Both Kelly and Serra collaborated with Mrs. Pulitzer and Tadao Ando on the installation of their works, of which Ando writes: “Into the spaces that I created with form, material, and light, Ellsworth Kelly and Richard Serra brought their own expression, conceiving a space for art that could exist only there.”

== Programs ==
The Pulitzer engages in a variety of public programs that directly relate to the exhibition on view or are aligned with ongoing community initiatives. These programs have included music, meditation, symposia, panel discussions, performances, poetry readings, as well as a variety of education-oriented projects and events. Additionally, the Pulitzer presents an ongoing collaborative chamber concert series of contemporary music with the Saint Louis Symphony Orchestra. Concert programs are chosen based on their relationship to the artworks exhibited. A similar collaboration with St. Louis-based music collective Farfetched has yielded a variety of live music performances.

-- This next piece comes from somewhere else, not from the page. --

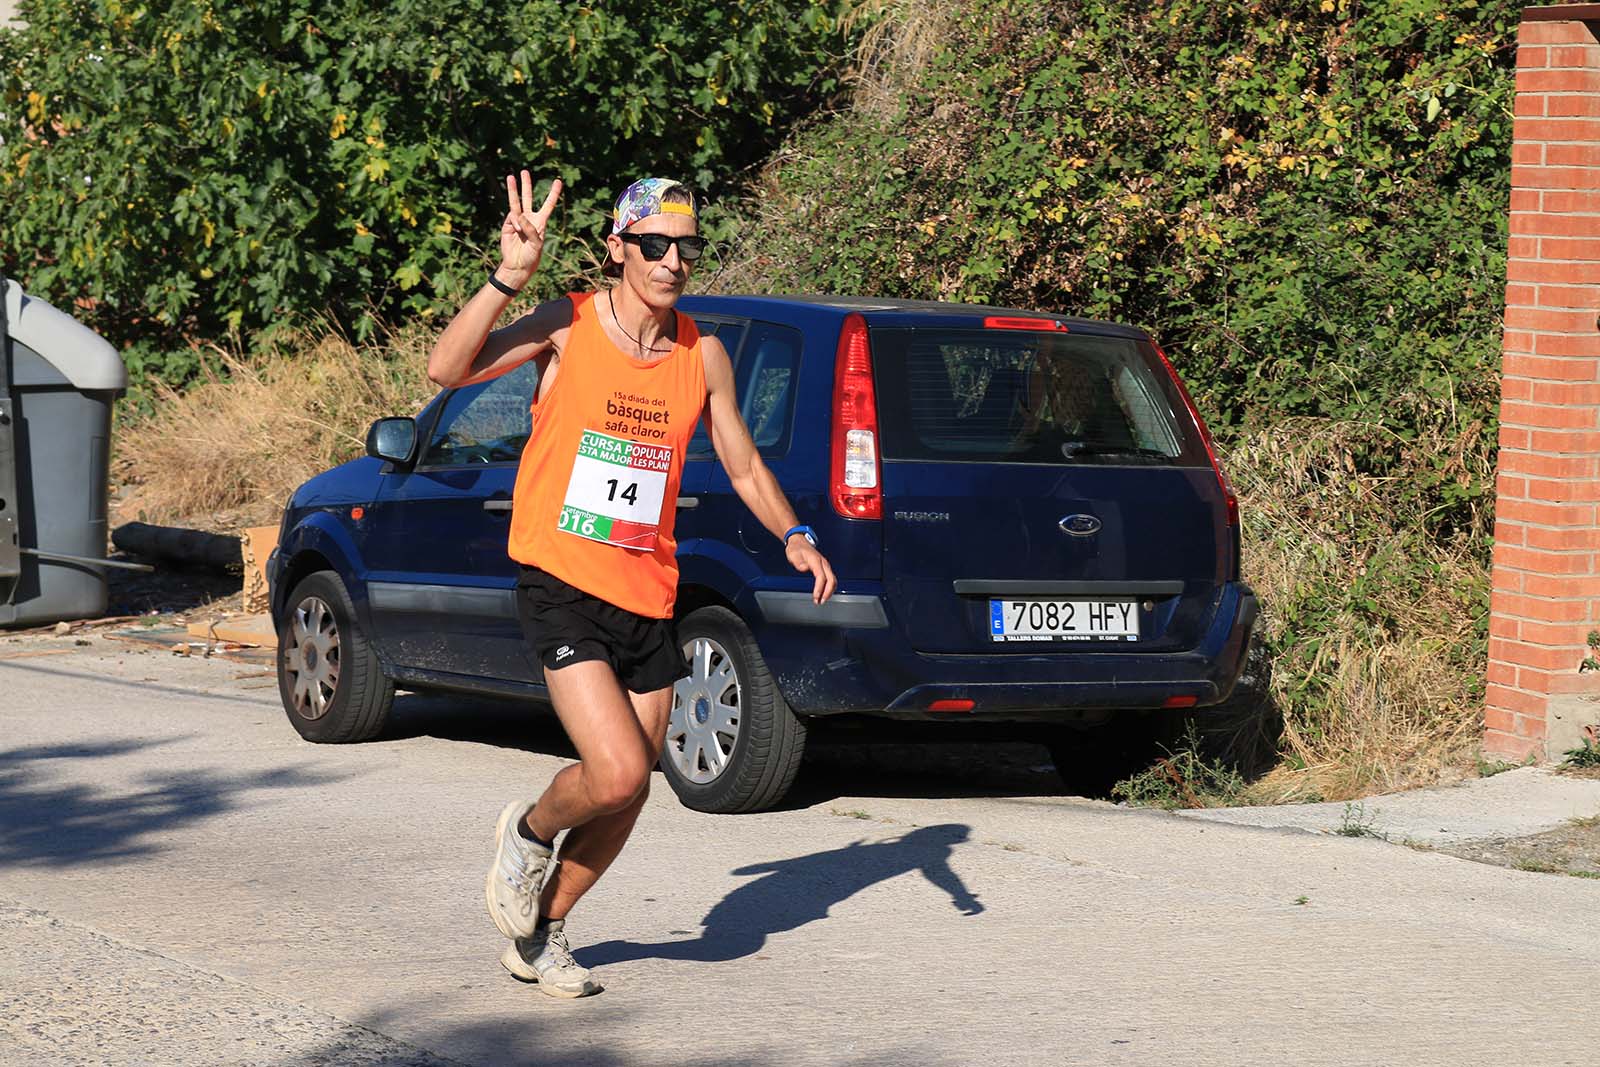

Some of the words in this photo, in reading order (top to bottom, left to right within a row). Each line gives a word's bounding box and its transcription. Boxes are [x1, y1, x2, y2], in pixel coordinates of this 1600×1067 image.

In January 2014 the Pulitzer presented Reset, a week-long programming series that occurred during a period between exhibitions. Beginning with the installation of a site-specific, temporary floor and wall sculpture by artist David Scanavino, the programs included a variety of interactive and participatory events including a breakdancing competition, yoga, family activities, and a drag show. Reset also included a St. Louis Symphony Orchestra performance of the U.S. premiere of John Cage’s “Thirty Pieces for Five Orchestras,” a work which the Los Angeles Times referred to as “the most significant American orchestral work never played in America.”

The Pulitzer has organized the debut of a number of public performances through commissions and residencies, including new poetry by Claudia Rankine (2014) and a video poem by Rankine and filmmaker John Lucas (2016); a sound event by composer David Lang (2015); a residency and performance by interdisciplinary artist Chris Kallmyer (2015); and an iteration of artist Aram Han Sifuentes’s Protest Banner Lending Library (2018). In 2016 a gallery installation and series of public projects by the German architecture collective raumlaborberlin transplanted the building materials from a condemned two-story home on St. Louis's north side into the Pulitzer's main gallery.

== Community projects ==

The Pulitzer has a history of developing projects and programs aimed at engaging local communities and inviting participation from a wide variety of individuals and groups.

Working with Prison Performing Arts and the George Warren Brown School of Social Work at Washington University in St. Louis, the Pulitzer developed two iterations of Staging: a program that invited homeless veterans and formerly incarcerated individuals into the galleries over several weeks for a program that included theatrical training, employment counseling, and arts education, culminating in a public performance that invited audience members to see the artwork through their eyes and experiences.

In 2014, the Pulitzer launched PXSTL, a joint project with the Sam Fox School of Design & Visual Arts at Washington University in St. Louis. The first iteration of PXSTL, created by Freecell Architecture and titled Lots, transformed an empty lot across from the Pulitzer into a site for community activity and public access to the arts, including dance, music, photography, food, and meditation. The second iteration of PXSTL was a commission by artist-architects Amanda Williams and Andres L. Hernandez that resulted in a multiphase project evaluating the life cycle of a building.